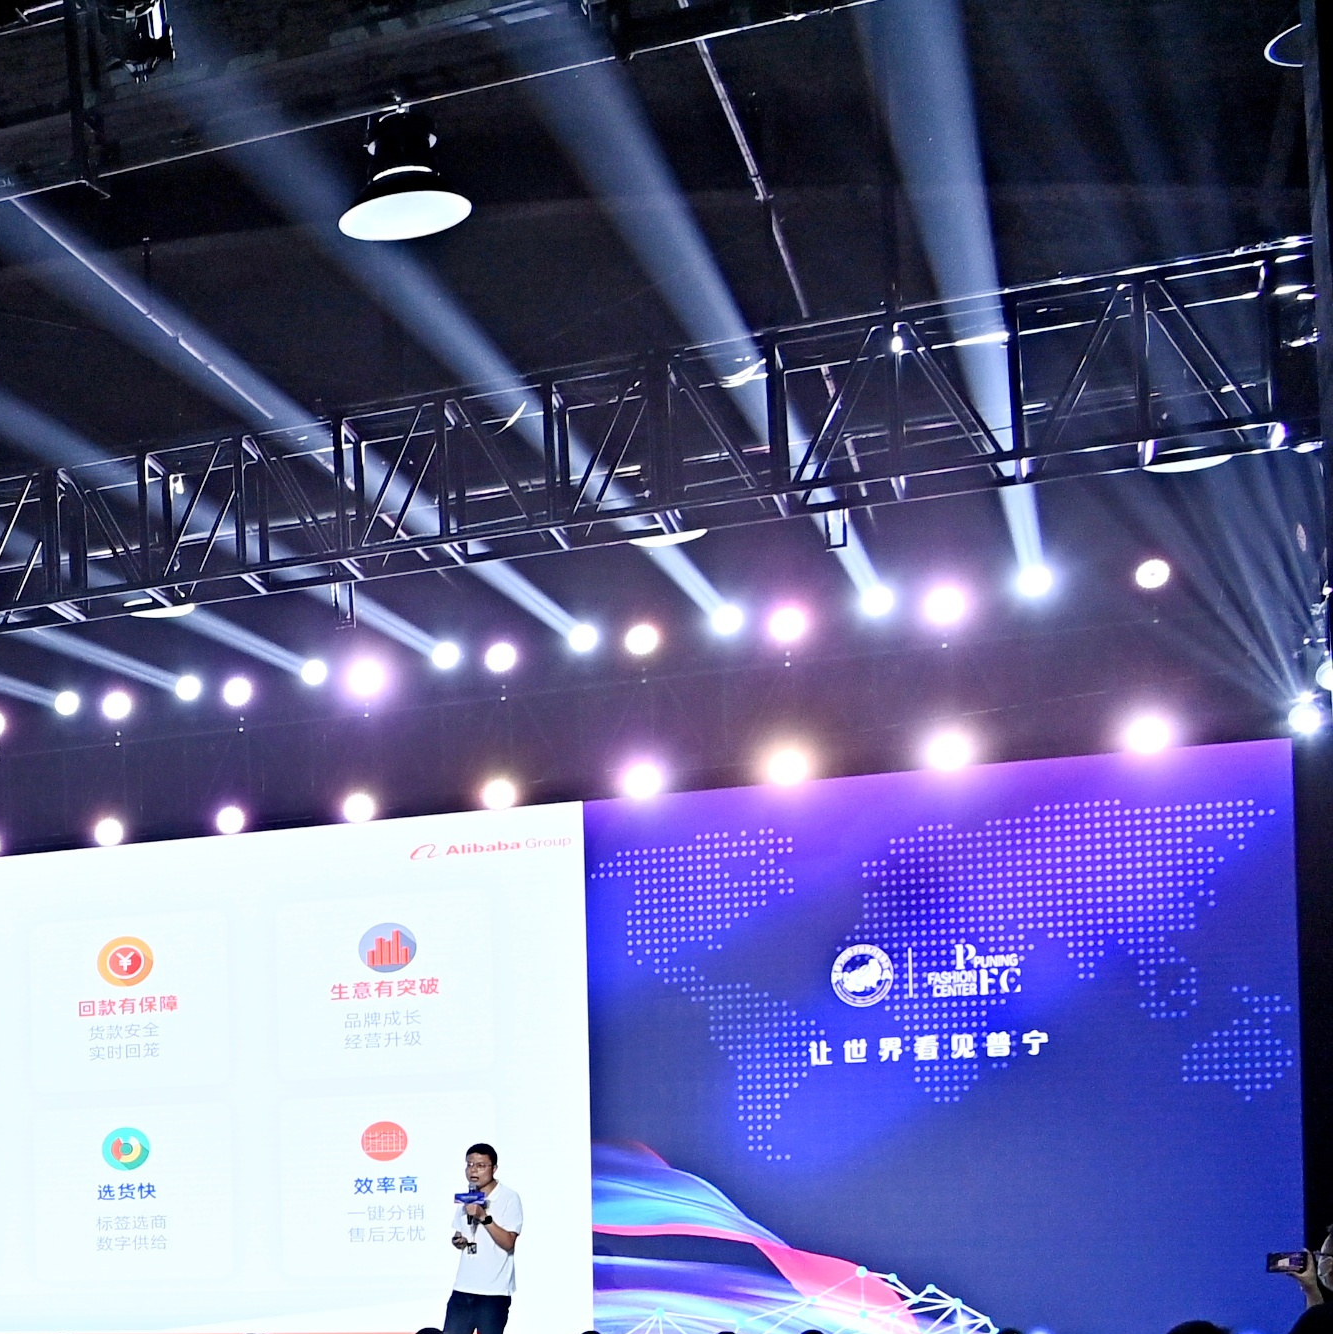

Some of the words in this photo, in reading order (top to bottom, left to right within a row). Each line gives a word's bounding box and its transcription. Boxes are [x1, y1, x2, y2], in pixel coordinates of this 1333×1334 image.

[445, 838, 522, 856] Alibaba
[524, 834, 572, 852] Group
[927, 970, 977, 986] FASHION
[330, 976, 440, 1002] 生意有突破
[933, 983, 978, 998] CENTER
[78, 994, 179, 1018] 回款有保障
[344, 1009, 422, 1029] 品牌成长
[88, 1021, 160, 1041] 货款安全
[344, 1030, 423, 1050] 经营升级
[88, 1041, 161, 1061] 实时回笼
[808, 1029, 1049, 1066] 让世界看见普宁
[97, 1182, 157, 1201] 选货快
[353, 1175, 419, 1195] 效率高
[96, 1214, 168, 1232] 标签选商
[347, 1204, 425, 1223] 一键分销
[96, 1234, 168, 1252] 数字供给
[348, 1224, 426, 1244] 售后无忧

WORK TASK >> Your copy should match the records above exactly, apart from the pictures, which stay out.

RESPONSE BELOW >>
Some of the words in this photo, in reading order (top to bottom, left to right within a row). Each line gives a word's bounding box and its transcription. Boxes are [x1, y1, x2, y2], in pixel coordinates of this 1333×1334 image.

[445, 838, 522, 856] Alibaba
[524, 834, 572, 852] Group
[927, 970, 977, 986] FASHION
[330, 976, 440, 1002] 生意有突破
[933, 983, 978, 998] CENTER
[78, 994, 179, 1018] 回款有保障
[344, 1009, 422, 1029] 品牌成长
[88, 1021, 160, 1041] 货款安全
[344, 1030, 423, 1050] 经营升级
[88, 1041, 161, 1061] 实时回笼
[808, 1029, 1049, 1066] 让世界看见普宁
[97, 1182, 157, 1201] 选货快
[353, 1175, 419, 1195] 效率高
[96, 1214, 168, 1232] 标签选商
[347, 1204, 425, 1223] 一键分销
[96, 1234, 168, 1252] 数字供给
[348, 1224, 426, 1244] 售后无忧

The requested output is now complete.